# EMT Training in Connecticut



## RunnerD1987 (Jun 11, 2012)

I am an EMR certified in CT. Considered the low end of the stick for EMS certification in our state. I took an EMT course year and half ago. Instructor was good and aced the practicals, but had trouble with the written exam. I am looking to take an accelerated class this summer. The closest one is 15 min’s away with NTCI, AMR. Wondering if any feedback on NCTI it is the most expensive of the classes I found. Wondering if any experience with training from NCTI?

Appreciate the response


----------



## gw812 (Jun 27, 2012)

Hope I got to you before you started. Avoid NCTI like the plague. Horribly run.


----------



## bigbaldguy (Jun 27, 2012)

I've heard both good and bad about NCTI. It varies a great deal from location to location.

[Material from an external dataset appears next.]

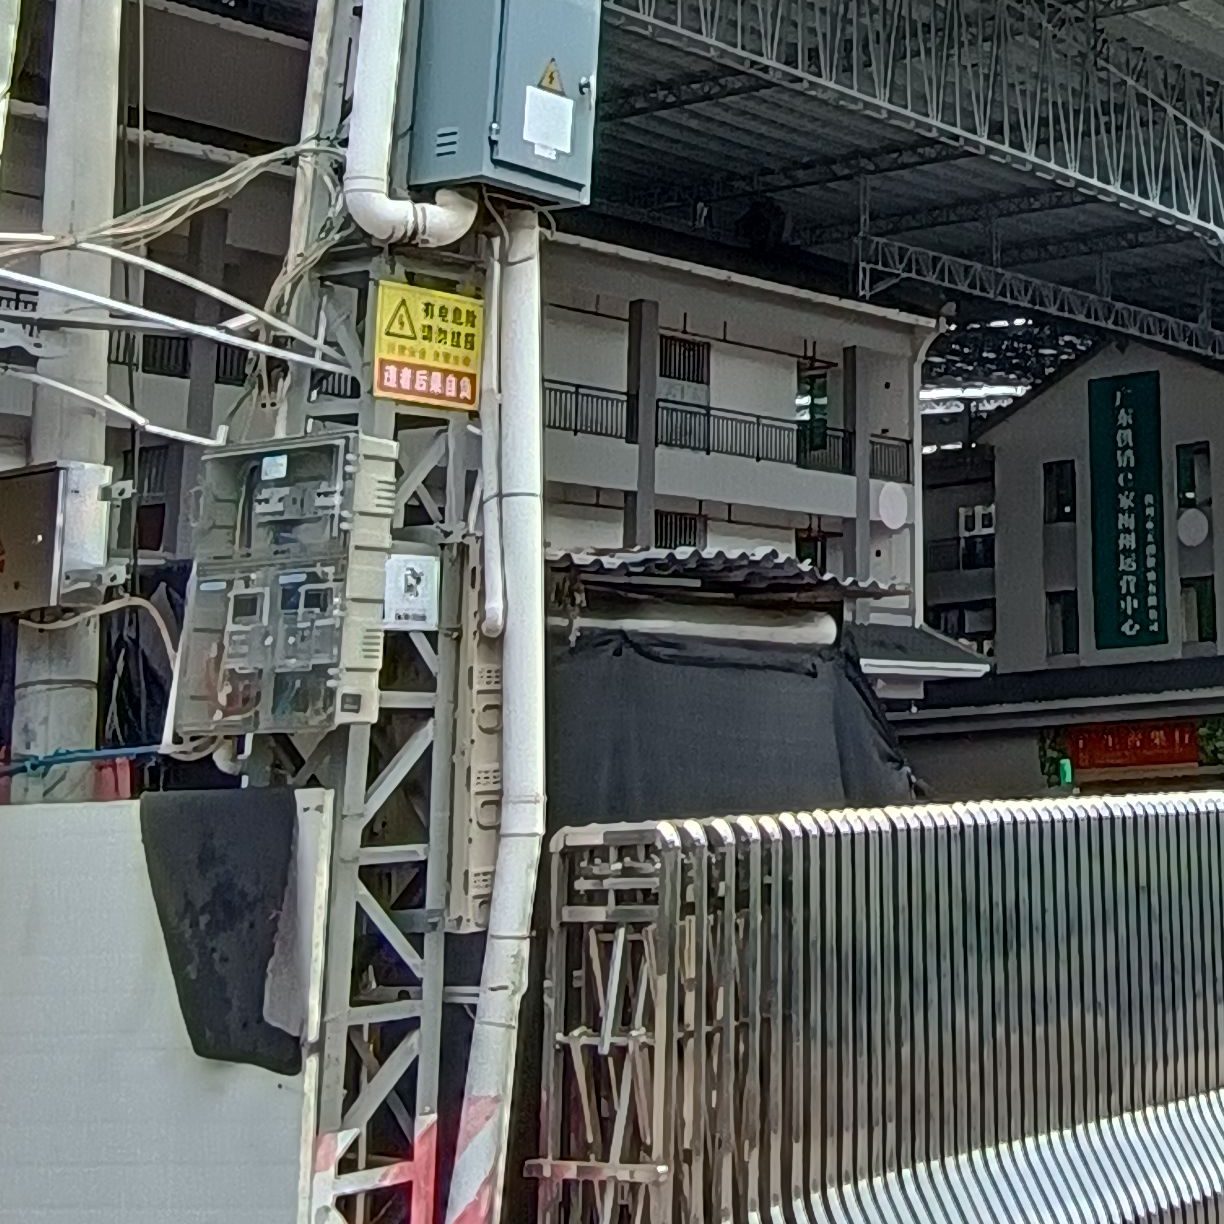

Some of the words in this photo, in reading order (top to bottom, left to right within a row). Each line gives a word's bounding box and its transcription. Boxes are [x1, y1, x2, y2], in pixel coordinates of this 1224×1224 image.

[383, 364, 472, 400] 违者后果自负

I took my basic there ad I wasn't very impressed with the program but because AMR (the company that runs the program)has big hospital pull I got to do my clinicals in one of the largest level 1 trauma centers in the US (this alone was worth the price). Private for profit programs like NCTI serve a purpose but generally you will get a much better quality program from a community college. I would recommend you avoid private academies and really try to take it at a CC. If you pm me the name of the location I'll see if I can find out more on that specific program for you.


----------



## RunnerD1987 (Aug 20, 2012)

Went to register for the NCTI class in Watertown, but filled. I took the EMT class at Naugatuck Valley Community College, but that filled as well. Was thinking of the class up in New Britain, but that is a lot of miles to drive. Anyone complete the class at New Britain EMS? They have classes on Saturday, which I can’t do so not sure how that will work. Anyone know of any day EMT classes in CT? Appreciate the response.


----------



## firematic47 (Aug 21, 2012)

If you google emt classes in CT OEMS the second option down should be a ct.gov website titled ems education. Choose that option then find "course listings PDF". This should show you most of the upcoming ems classes. 

It seems you are on the south end of the state. I would suggest looking into Sponsor Hospital. They run a day and night class every semester along with two medic programs. I am actually enrolling into their medic program now. I've been told that several times during the class they will have the basic and medic students run mock calls together. I've recently tooka tour of the facility and they have their own working amb and a two bay garage with a car and bike that they use for mock MVA's.


----------